In juni, na de aanvallen van Israël en de VS op het land, nam Iran een ondubbelzinnige houding aan tegenover de IAEA, waarbij minister van Buitenlandse Zaken Abbas Araghchi Grossi’s verzoek om nucleaire faciliteiten te bezoeken die tijdens het conflict waren gebombardeerd, summier afwees.
“Grossi’s aandringen om de gebombardeerde locaties te bezoeken onder het voorwendsel van veiligheidsmaatregelen is zinloos en mogelijk zelfs kwaadaardig van intentie,” zei Araghchi destijds.
Iraanse diplomaten hebben eerder gewaarschuwd dat Teheran zich uit het wereldwijde verdrag voor nucleaire non-proliferatie zou kunnen terugtrekken als de VN-sancties opnieuw worden opgelegd.
Het herstellen van de sancties zou de internationale isolatie van Iran verdiepen en verdere druk uitoefenen op zijn reeds onder druk staande economie.
Voor het conflict in juni waren Washington en Teheran verdeeld over uraniumverrijking, die Iran beschrijft als een “niet-onderhandelbaar” recht voor burgerdoeleinden, terwijl de VS dit als een “rode lijn” beschouwen.
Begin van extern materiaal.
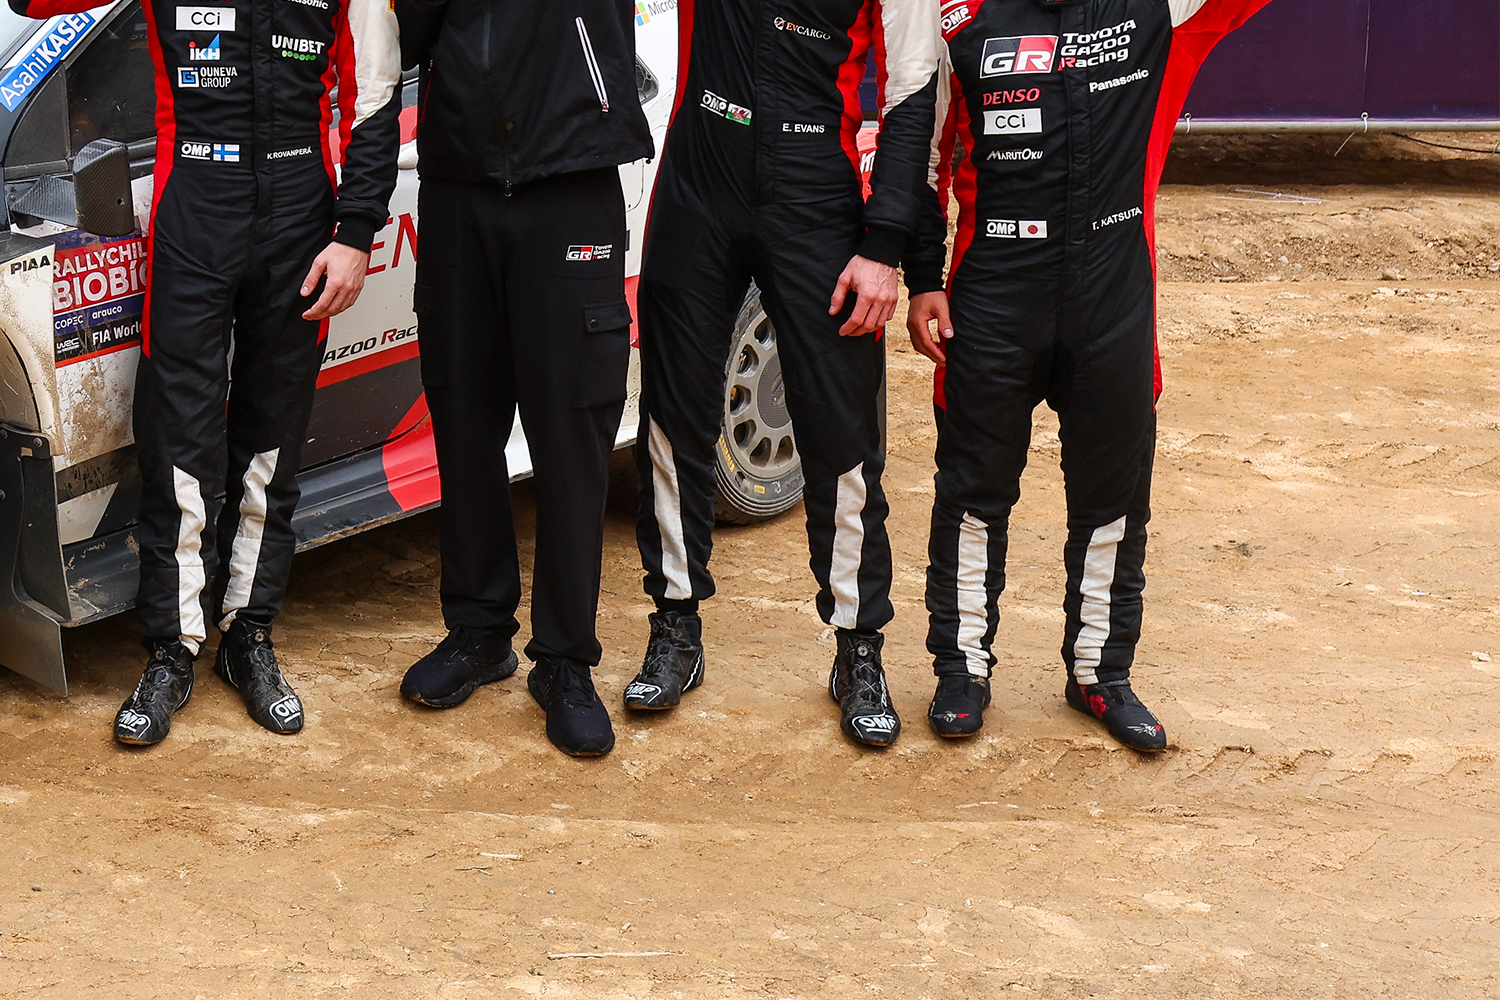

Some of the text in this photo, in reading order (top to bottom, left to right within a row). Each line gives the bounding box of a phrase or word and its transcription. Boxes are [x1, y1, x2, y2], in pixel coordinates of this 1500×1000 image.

[191, 11, 221, 26] CCi
[942, 6, 969, 31] OMP
[1063, 19, 1136, 44] TOYOTA
[272, 34, 325, 55] UNIBET
[1061, 35, 1131, 56] GAZOO
[0, 12, 91, 107] AsahiKASEI
[983, 51, 1051, 74] GR
[1058, 48, 1129, 71] Racing
[200, 66, 238, 77] OUNEVA
[1089, 68, 1149, 93] Panasonic
[200, 77, 231, 88] GROUP
[703, 92, 726, 113] OMP
[983, 88, 1041, 106] DENSO
[783, 123, 825, 133] E. EVANS
[995, 114, 1026, 129] CCi
[181, 143, 211, 157] OMP
[1100, 206, 1143, 227] KATSUTA
[987, 222, 1016, 234] OMP
[53, 241, 148, 279] RALLYCHIL
[569, 251, 590, 260] GR
[10, 254, 51, 276] PIAA
[92, 305, 122, 320] arauco
[54, 315, 83, 330] COPEC
[56, 337, 80, 349] WRC
[92, 329, 112, 346] FIA
De IAEA meldt dat Iran uranium verrijkt tot 60 procent zuiverheid – ver boven de 3,67 procent grens onder de overeenkomst van 2015, maar ver onder de 90 procent die nodig is voor wapenniveau.
Teheran heeft gezegd open te staan voor discussie over de snelheid en het niveau van verrijking, maar niet over het recht om uranium te verrijken.
Iran zegt ook dat het zijn nucleaire programma niet zal opgeven, dat Araghchi heeft aangeduid als een bron van “nationale trots”.